● Your objective
Every record below must come back exactly as written, with the images dropped.

Recorded data:
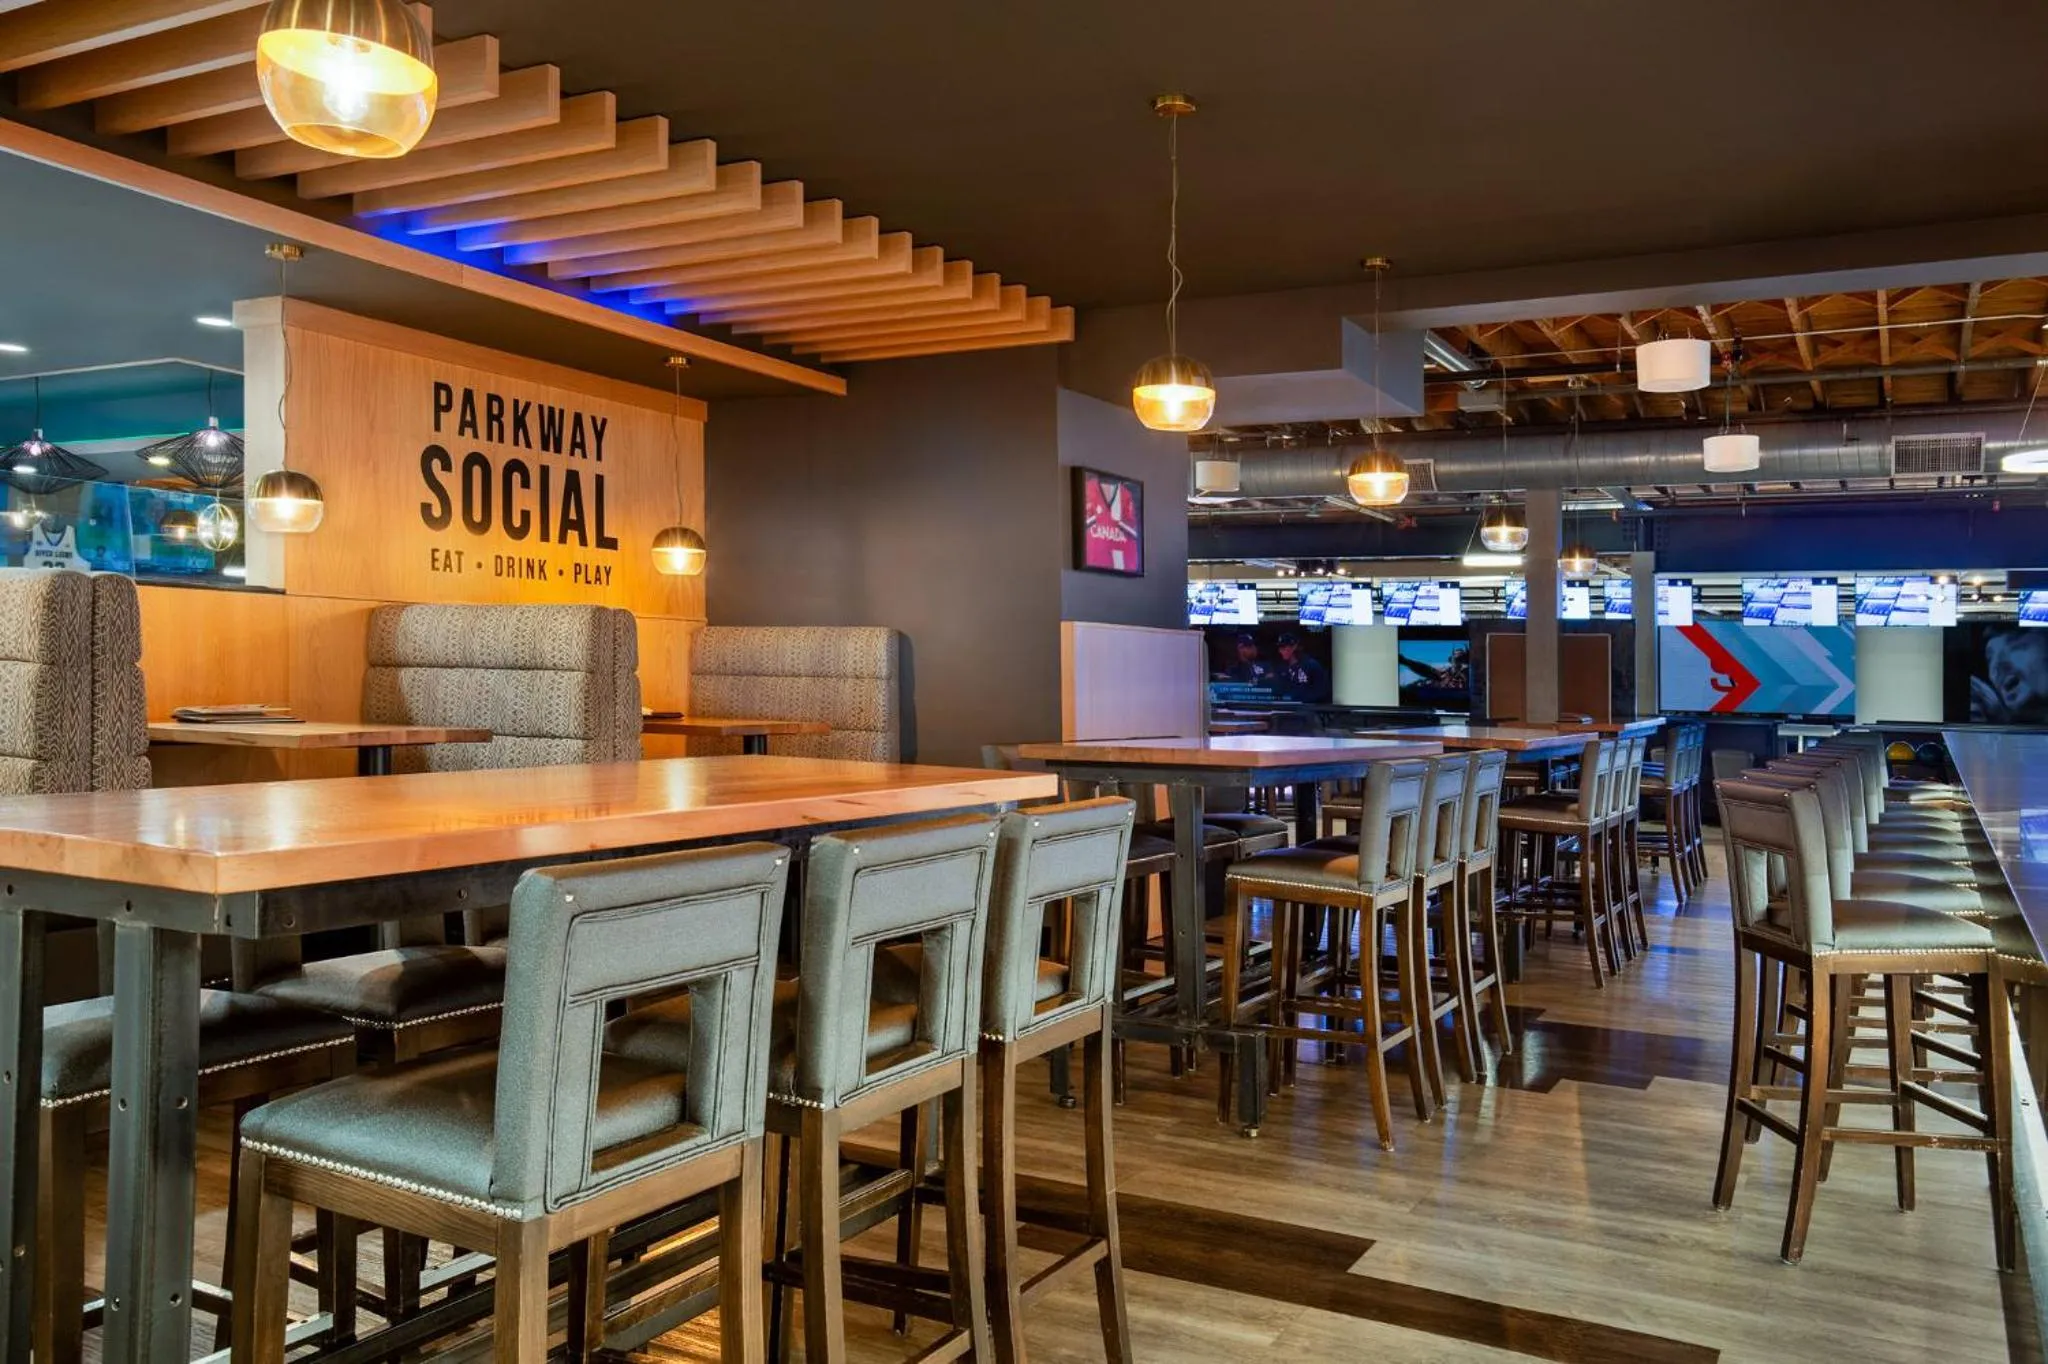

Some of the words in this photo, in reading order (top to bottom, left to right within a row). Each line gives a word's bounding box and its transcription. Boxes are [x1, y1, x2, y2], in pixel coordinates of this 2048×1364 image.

[433, 381, 607, 461] PARKWAY
[420, 444, 618, 550] SOCIAL
[1090, 525, 1127, 543] CANADA
[430, 548, 464, 573] EAT
[494, 554, 547, 581] DRINK
[573, 562, 612, 586] PLAY

● Response
Some of the words in this photo, in reading order (top to bottom, left to right within a row). Each line gives a word's bounding box and its transcription. Boxes are [x1, y1, x2, y2], in pixel coordinates of this 2048×1364 image.

[433, 381, 607, 461] PARKWAY
[420, 444, 618, 550] SOCIAL
[1090, 525, 1127, 543] CANADA
[430, 548, 464, 573] EAT
[494, 554, 547, 581] DRINK
[573, 562, 612, 586] PLAY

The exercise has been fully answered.